The data points classified as anomalies are shown in red circles. It’s important to note that it’s still us who need to decide the threshold value for a data point to be classified as an anomaly.

Thus, if we feel like there are too many false positive results (i.e too many ‘normal’ data points are being classified as an anomaly), then we can decrease the threshold value. Likewise, if we feel that there are too many false negatives (i.e too many anomalies are being classified as ‘normal’ data points), then we can increase the threshold value.

Kernel Density Estimation

Kernel Density Estimation or commonly abbreviated as KDE is an unsupervised learning algorithm that can also be useful for anomaly detection in machine learning. If you know the concept of a histogram, then it will be easy to understand the concept of KDE.

As you might already know, a histogram visualizes data points into bins, where each bin corresponds to the total number of data points it represents, as you can see in the following visualization:

Kernel Density Estimation in Anomaly Detection


One major disadvantage of using bins to represent data points is that if we change the size of each bin, then the resulting histogram will be affected, which then might lead to the wrong interpretation of data. For anomaly detection purposes, a KDE algorithm usually uses Gaussian distribution to replace the bins in the histogram to smoothen the distribution of data points. As a result, a smooth density estimate can be derived from our data, as you can see in the visualization below:

Kernel Density Estimation in Anomaly Detection

Gaussian distribution is not the only estimator that we can use to apply the KDE algorithm, as we can use some other estimators such as tophat, exponential, linear, cosine, or epanechnikov, as you can see in the visualization below:

KDE in Machine Learning Anomaly Detection

So with these various estimators, how can we find out whether a data point is an anomaly or not? Given the estimator of our choice, the density of a data point y within the group of data points xi can be calculated with the following equation:

ρk(y)=i=1NK(yxi,h)\rho_k(y) = \sum^N_{i=1}K(y-x_i,h)

where:

ρ: density
N: total number of data points
h: a bandwidth parameter, the larger the bandwidth, the smoother the distribution will be.
K: estimator

The equation of K depends on the estimator that we use. In the case of Gaussian, then the equation would be:

K(x;h)exp(x22h2)K(x;h)\propto exp(-\frac{x^2}{2h^2})
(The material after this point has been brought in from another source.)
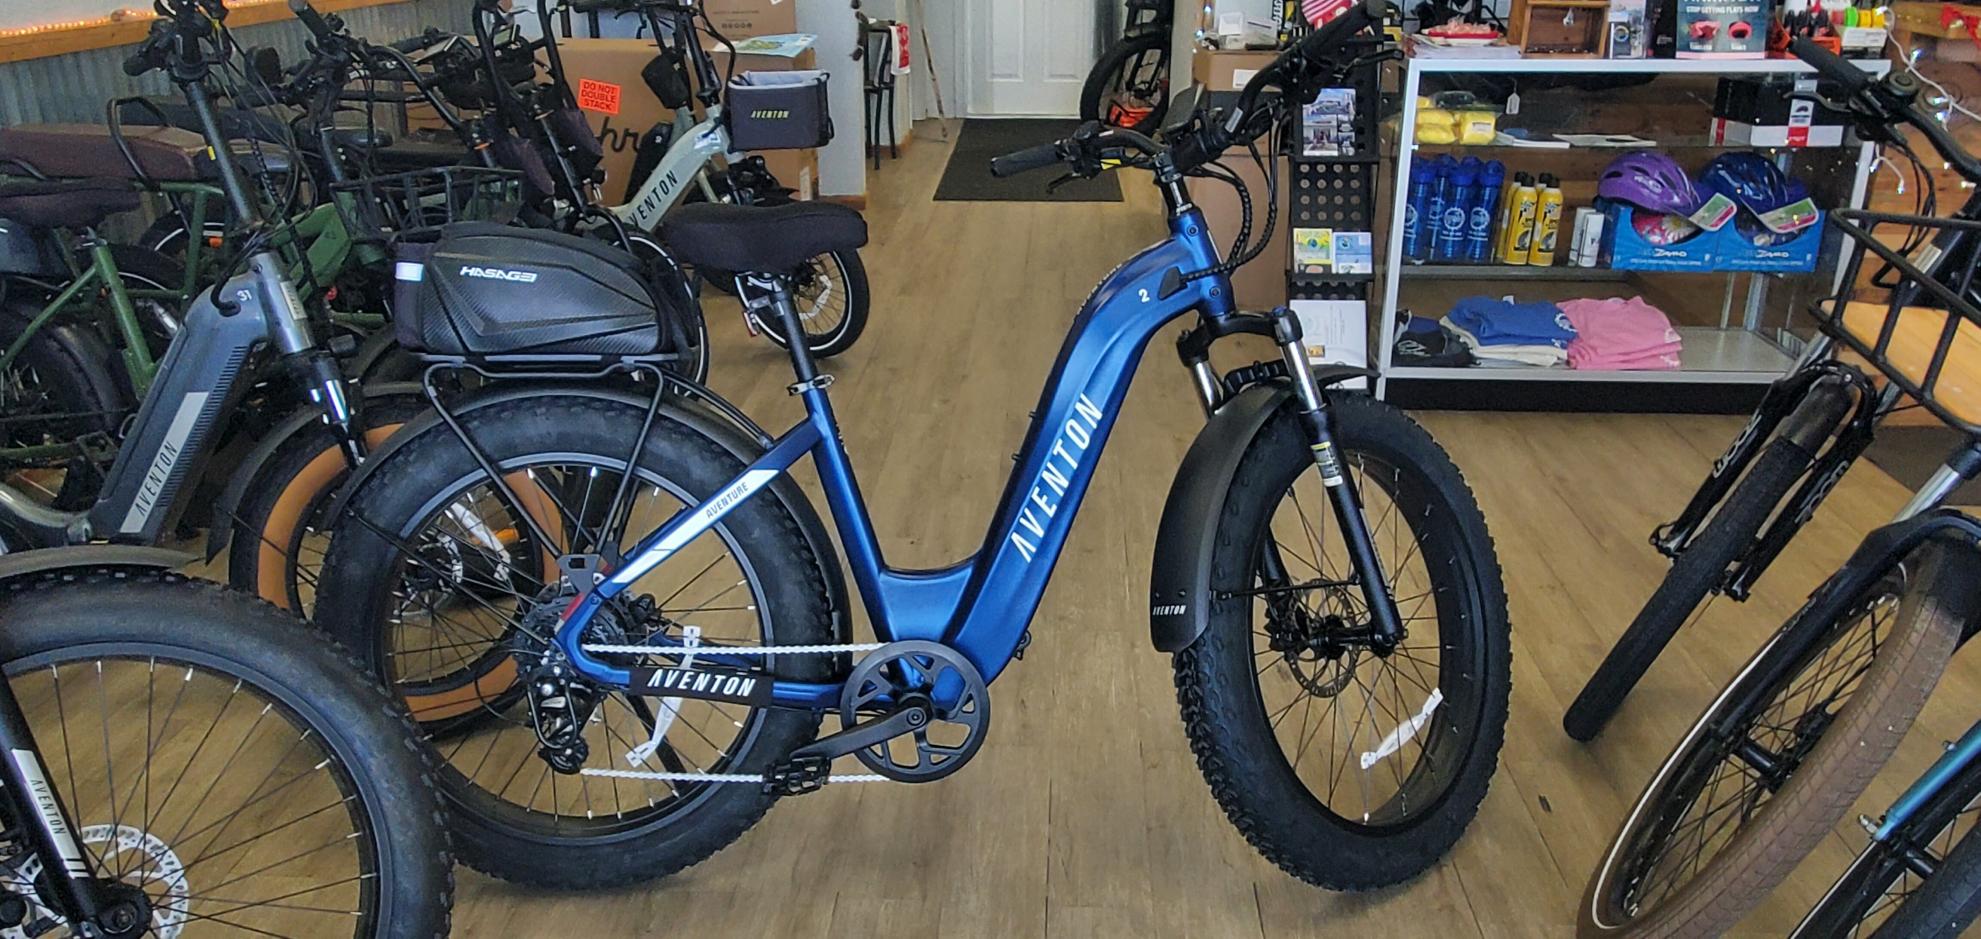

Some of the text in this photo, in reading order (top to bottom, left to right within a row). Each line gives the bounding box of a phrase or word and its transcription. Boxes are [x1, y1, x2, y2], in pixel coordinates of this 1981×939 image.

If the resulting density of a point y is below a threshold value that we define in advance, then that data point can be considered an anomaly. Likewise, if a data point has a density that is above the threshold value, then we can say that the data point is a normal data point.
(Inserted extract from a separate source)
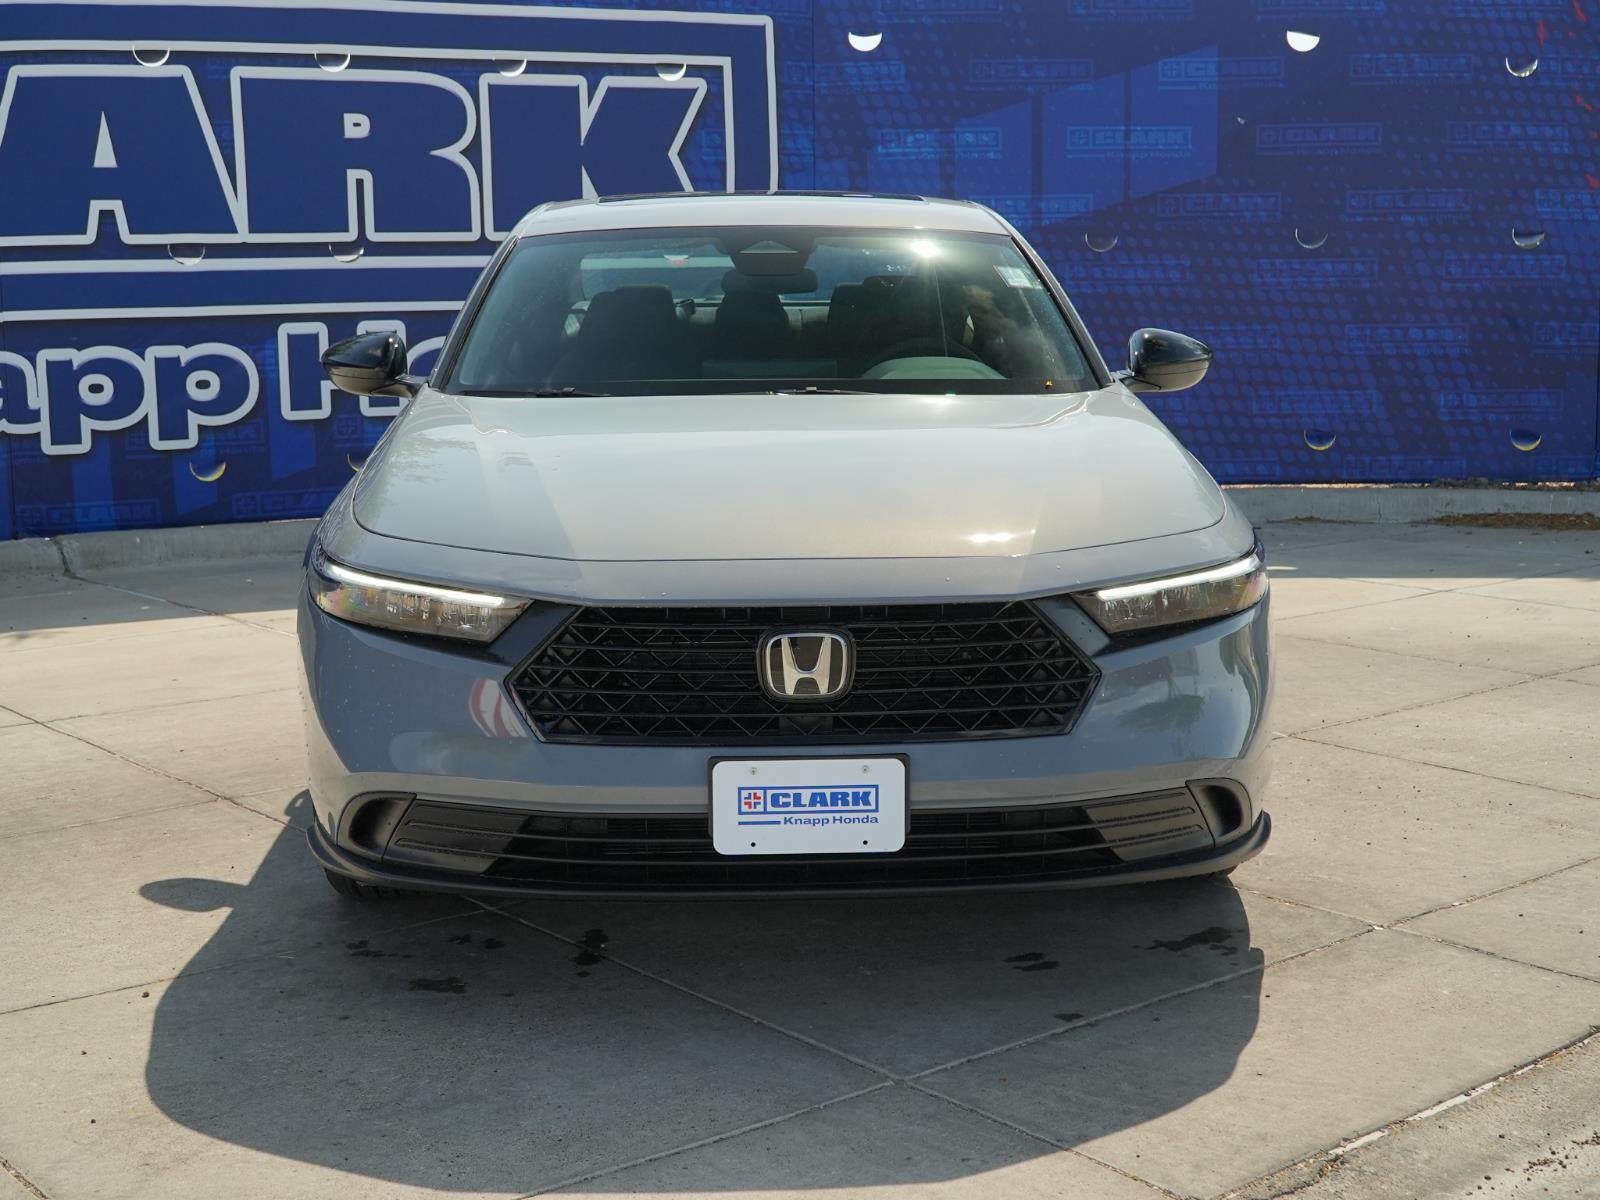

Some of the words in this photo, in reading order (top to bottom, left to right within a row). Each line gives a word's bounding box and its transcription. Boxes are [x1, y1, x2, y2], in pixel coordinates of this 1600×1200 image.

Implementation of Kernel Density Estimation

Implementing KDE with Python can be easily done with the help of the scikit-learn library. To instantiate a KDE model with a Gaussian estimator, we can use KernelDensity class from sklearn.neighbors. Next, we can train our model on our dataset.

from sklearn.neighbors import KernelDensity

density_est = KernelDensity().fit(X)

Same as GMM in the previous section, after we trained our KDE model, we can fetch the log-likelihood score of each data point with the score_samples method, as you can see below:

scores_de = density_est.score_samples(X)
print(scores_de[0:5])

# [-3.4430811  -2.60158452 -2.69253285 -2.74078121 -2.82694107]

Next, we also need to define the threshold value with the same approach shown in the GMM section above. Let’s say that we assume that data points that are located below 10% of a cluster should be classified as anomalies, then we can define the threshold value for that with the quantile method.

thresh = quantile(scores_de, 0.1)
print(thresh)

# -5.866011376650252


Next, we can fetch the index of data points that will be classified as anomalies based on the threshold value and then visualize the result.

index = where(scores_de <= thresh)
# Circling of anomalies
plt.figure(figsize=(12,9))
plt.grid(True)
plt.scatter(X[:,0],X[:,1],marker="s");
plt.scatter(X[index,0],X[index,1],marker="o",facecolor="none",edgecolor="r",s=1000);
Implementation of KDE in Machine Learning Anomaly Detection

Isolation Forest

Just by looking at its name, you might have guessed that this algorithm utilizes tree-based methods to perform anomaly detection in machine learning, and that’s absolutely the case. Since this is a tree-based algorithm, then the decision logic behind Isolation Forest is very similar to the Random Forest algorithm, which we normally use to solve regression or classification problems.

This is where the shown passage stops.